Accuracy of script concordance tests in fourth-year medical students

Saad Nseir1, Ahmed Elkalioubie2, Philippe Deruelle1, Dominique Lacroix1 and Didier Gosset1

1University of Lille, School of Medicine, Lille, France

2University Hospital of Lille, Critical Care Center, Lille, France

Submitted: 17/08/2016; Accepted: 06/02/2017; Published: 25/02/2017

Int J Med Educ. 2017; 8:63-69; doi: 10.5116/ijme.5898.2f91

© 2017 Saad Nseir et al. This is an Open Access article distributed under the terms of the Creative Commons Attribution License which permits unrestricted use of work provided the original work is properly cited. http://creativecommons.org/licenses/by/3.0

Objectives: This investigation aimed to determine the validity of script concordance test (SCT), compared with clinical-case-related short-answer management problems (SAMP), in fourth-year medical students.

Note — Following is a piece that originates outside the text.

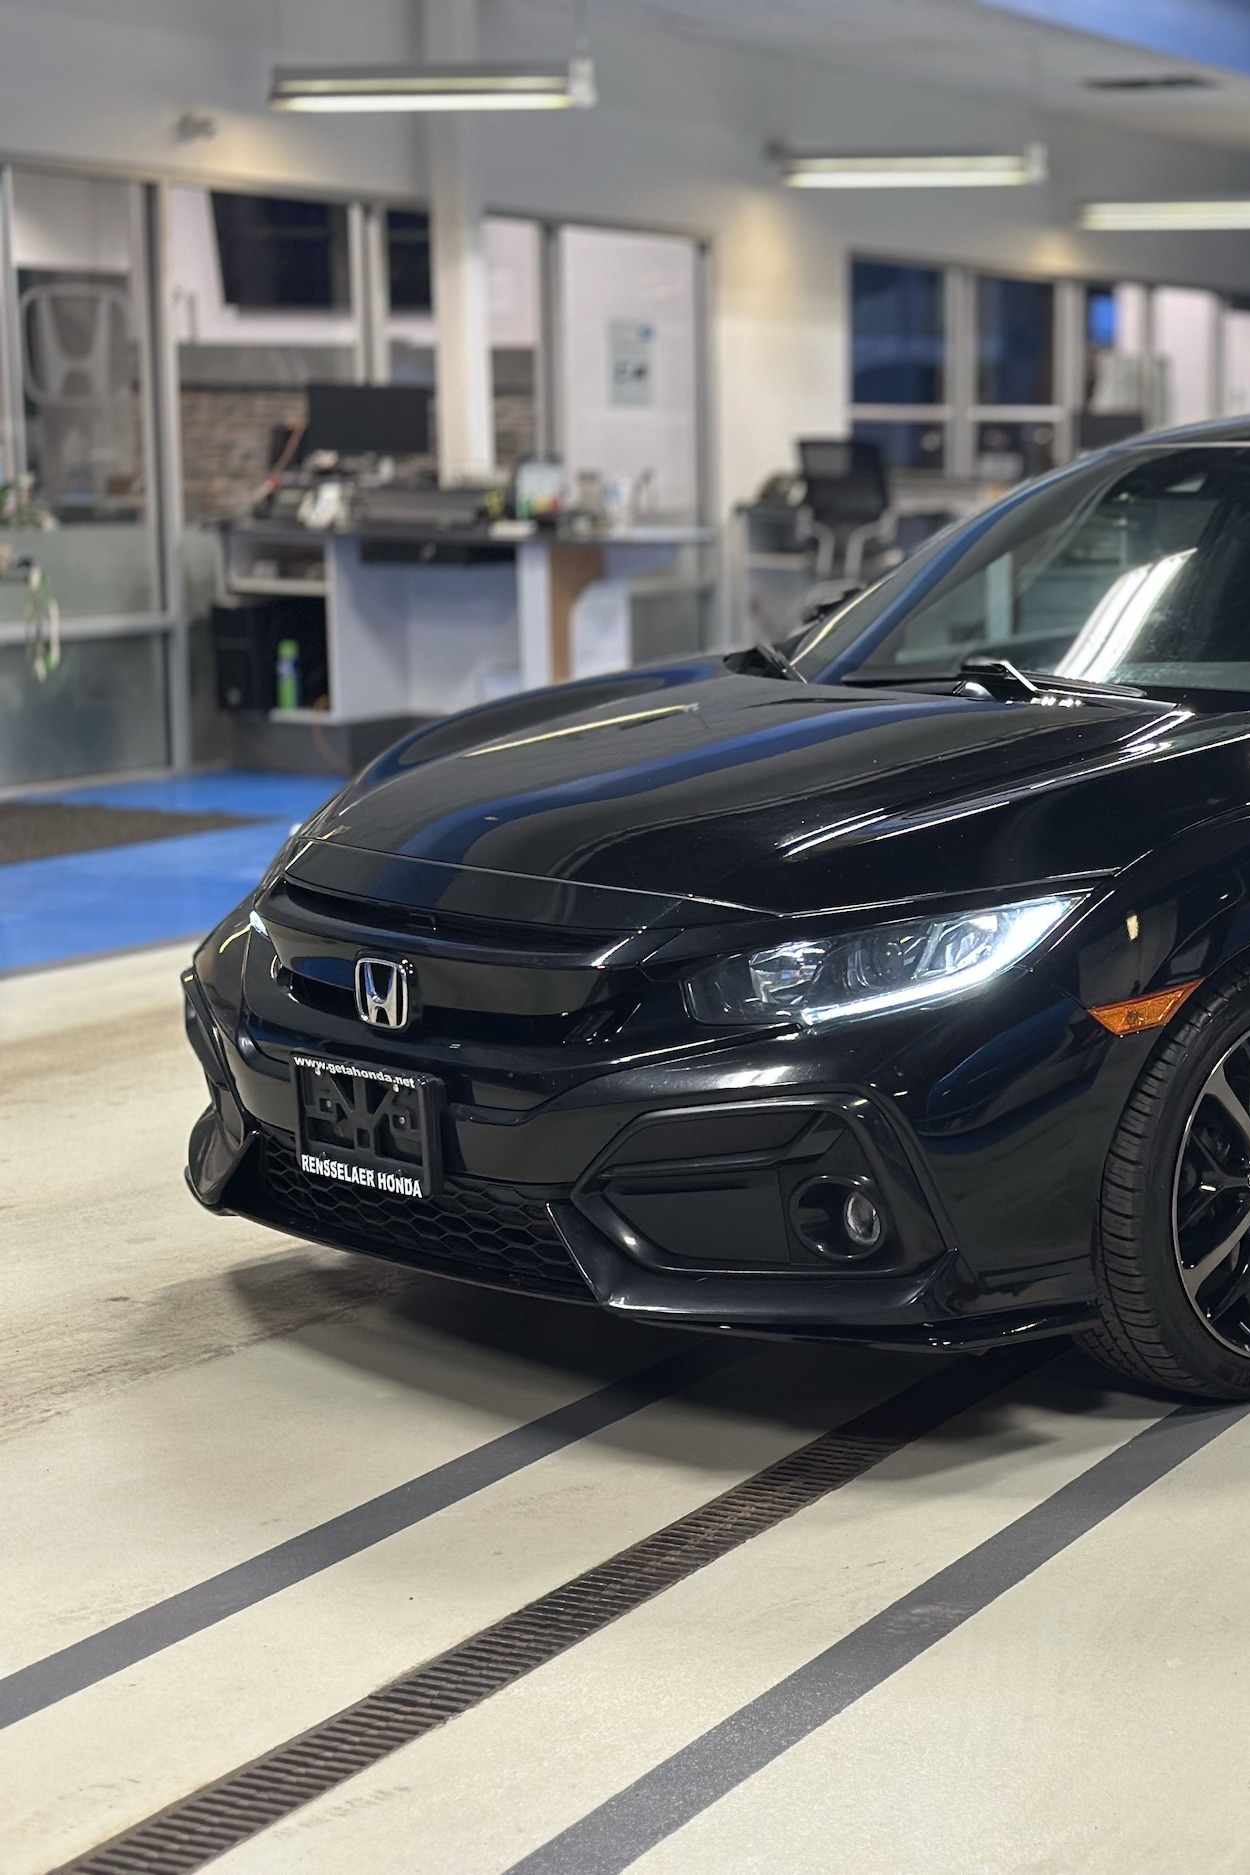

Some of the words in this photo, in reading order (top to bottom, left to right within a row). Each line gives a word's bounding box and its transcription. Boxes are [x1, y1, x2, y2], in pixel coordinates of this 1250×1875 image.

Methods: This retrospective study was conducted at the Medical School of Lille University. Cardiology and gynecology examinations both included 3 SCT and 2 clinical-case-related SAMP.  Final score did not include SCT results, and was out of 20 points. The passing score was ≥10/20. Wilcoxon and McNemar tests were used to compare quantitative and qualitative variables, respectively. Correlation between scores was also analyzed.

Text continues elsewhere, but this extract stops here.